AB 2127, authored by Assemblymember Miguel Santiago, is an important follow-up measure to the “Parental Health Care Act” previously sponsored by Commissioner Lara last year, which would clarify and strengthen notification requirements for seniors eligible for Medicare who ask to be added as a dependent. in their adult child’s individual health insurance policy or health care service plan contract.

AB 2568, authored by former Assemblyman Ken Cooley, creates a “safe harbor” stating that an individual or firm that provides insurance or services related to a legal cannabis business in the state does not commit a crime under California law only for the provision of that relevant insurance or service. .

SB 972, authored by Senator Lena Gonzalez, brings thousands of entrepreneurial sidewalk food vendors into a more fair and well-regulated food economy by updating the Safe Sidewalk Vending Act, which Commissioner Lara authored in 2018 as member of the California State Senate. to end the criminalization of sidewalk vending. Comprehensive Action for the City, the Public Council, the Immigrant Human Rights Coalition, the Community Power Collective and the Western Center for Law and Poverty – all part of the California Street Vendor Campaign – were also co-sponsors of the measure.

SB 1040, authored by Senator Susan Rubio, authorizes the Insurance Commissioner to order restitution from persons selling insurance without the required license from the Department of Insurance, including “extended vehicle warranties” illegally sold over the phone robo and misappropriation of consumer and business premiums. , among other insurance scams.

SB 1242, authorized by the Senate Committee on Insurance, strengthens anti-fraud efforts essential to protecting consumers from unnecessary economic loss by further clarifying the anti-fraud education requirements of agents, as well as the process by which alleged frauds of are reported to the Department. of Insurance, along with other proposals for consumer protection.

The new laws that come into effect in July 2023 include:

AB 2205, authored by Assemblymember Wendy Carrillo, requires health insurers and health plans that offer coverage through Covered California to report annually to the Department of Insurance and the Department of Managed Health Care the total amount of abortion funds. This new law will require transparency and disclosure from health carriers to regulators about the amount of special abortion premium payments being collected from policyholders and distributed as claims. As we review available options for paying for abortion services, this new law will help regulators and policymakers identify available funding to support abortion patients in California. Planned Parenthood California affiliates and the National Health Act Program were also co-sponsors of the measure.

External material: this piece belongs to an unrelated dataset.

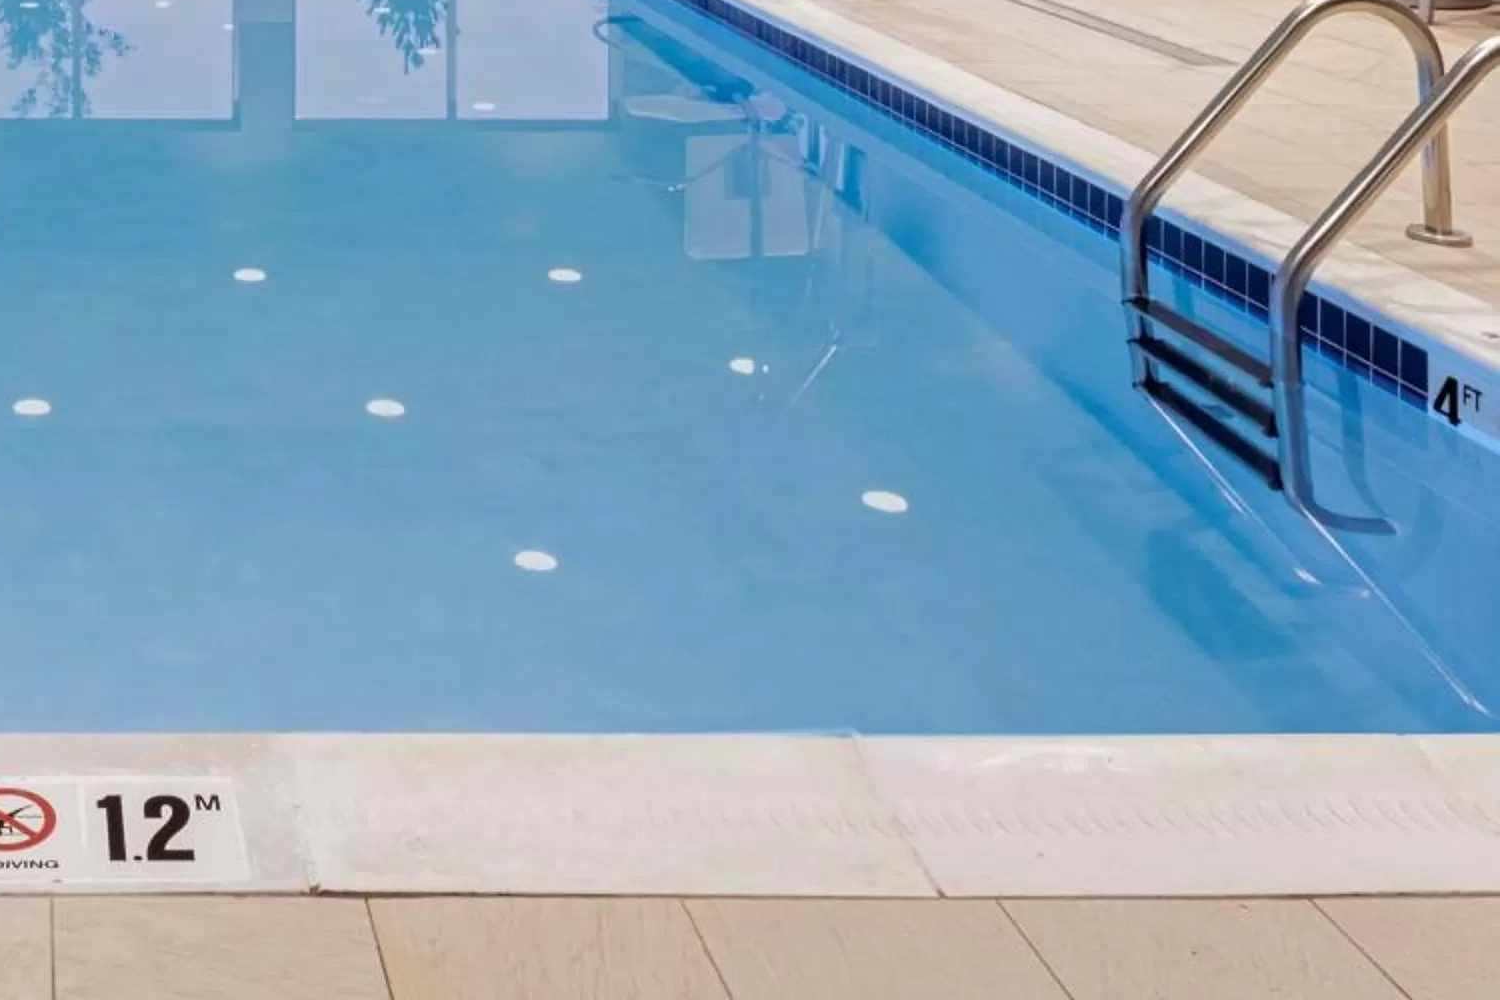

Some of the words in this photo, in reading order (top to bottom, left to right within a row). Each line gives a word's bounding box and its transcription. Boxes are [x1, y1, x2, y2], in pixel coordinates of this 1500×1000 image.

[1433, 375, 1462, 428] 4
[1462, 383, 1483, 413] FT
[96, 794, 195, 862] 1.2
[194, 794, 221, 811] M

AB 2043, authored by Assemblyman Reggie Jones-Sawyer Sr., requires all parole recovery agents, commonly known as “bounty hunters,” to be licensed by the Department of Insurance to ensure that claims appropriate education and training requirements are met prior to licensure and that all applicants successfully pass fingerprint-based background checks, obtain an appointment from a licensed parole agent or bail bondsman, and maintain a policy minimum liability insurance of $1 million so that injured consumers have an avenue to collect damages.

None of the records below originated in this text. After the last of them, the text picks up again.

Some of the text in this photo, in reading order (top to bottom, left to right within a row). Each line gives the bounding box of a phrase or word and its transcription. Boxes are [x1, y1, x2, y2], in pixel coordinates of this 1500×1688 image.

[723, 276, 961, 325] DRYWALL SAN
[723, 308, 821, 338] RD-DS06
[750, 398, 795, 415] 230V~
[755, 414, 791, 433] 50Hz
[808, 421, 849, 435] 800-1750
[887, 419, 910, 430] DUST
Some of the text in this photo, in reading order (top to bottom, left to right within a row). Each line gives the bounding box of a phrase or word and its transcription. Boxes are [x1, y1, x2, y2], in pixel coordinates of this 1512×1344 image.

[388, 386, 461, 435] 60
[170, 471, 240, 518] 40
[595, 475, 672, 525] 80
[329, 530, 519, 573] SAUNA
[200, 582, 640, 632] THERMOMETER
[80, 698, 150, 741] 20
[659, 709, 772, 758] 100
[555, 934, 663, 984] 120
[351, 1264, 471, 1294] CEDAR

In addition to these new laws, in October, Commissioner Lara implemented the nation’s first fire safety regulation to help lower the cost of insurance for Californians at risk from wildfires, further protecting vulnerable consumers across the state. Commissioner Lara’s regulation is the first in the country to require insurance companies to offer discounts to consumers under the Wildfire Safer Framework created by the Department of Insurance in partnership with state emergency preparedness agencies.

The regulation is now state law and incorporated into the California Code of Regulations. Under the new regulation, insurance companies are required to make new rate registrations including fire safety discounts and comply with new transparency measures starting in April 2023.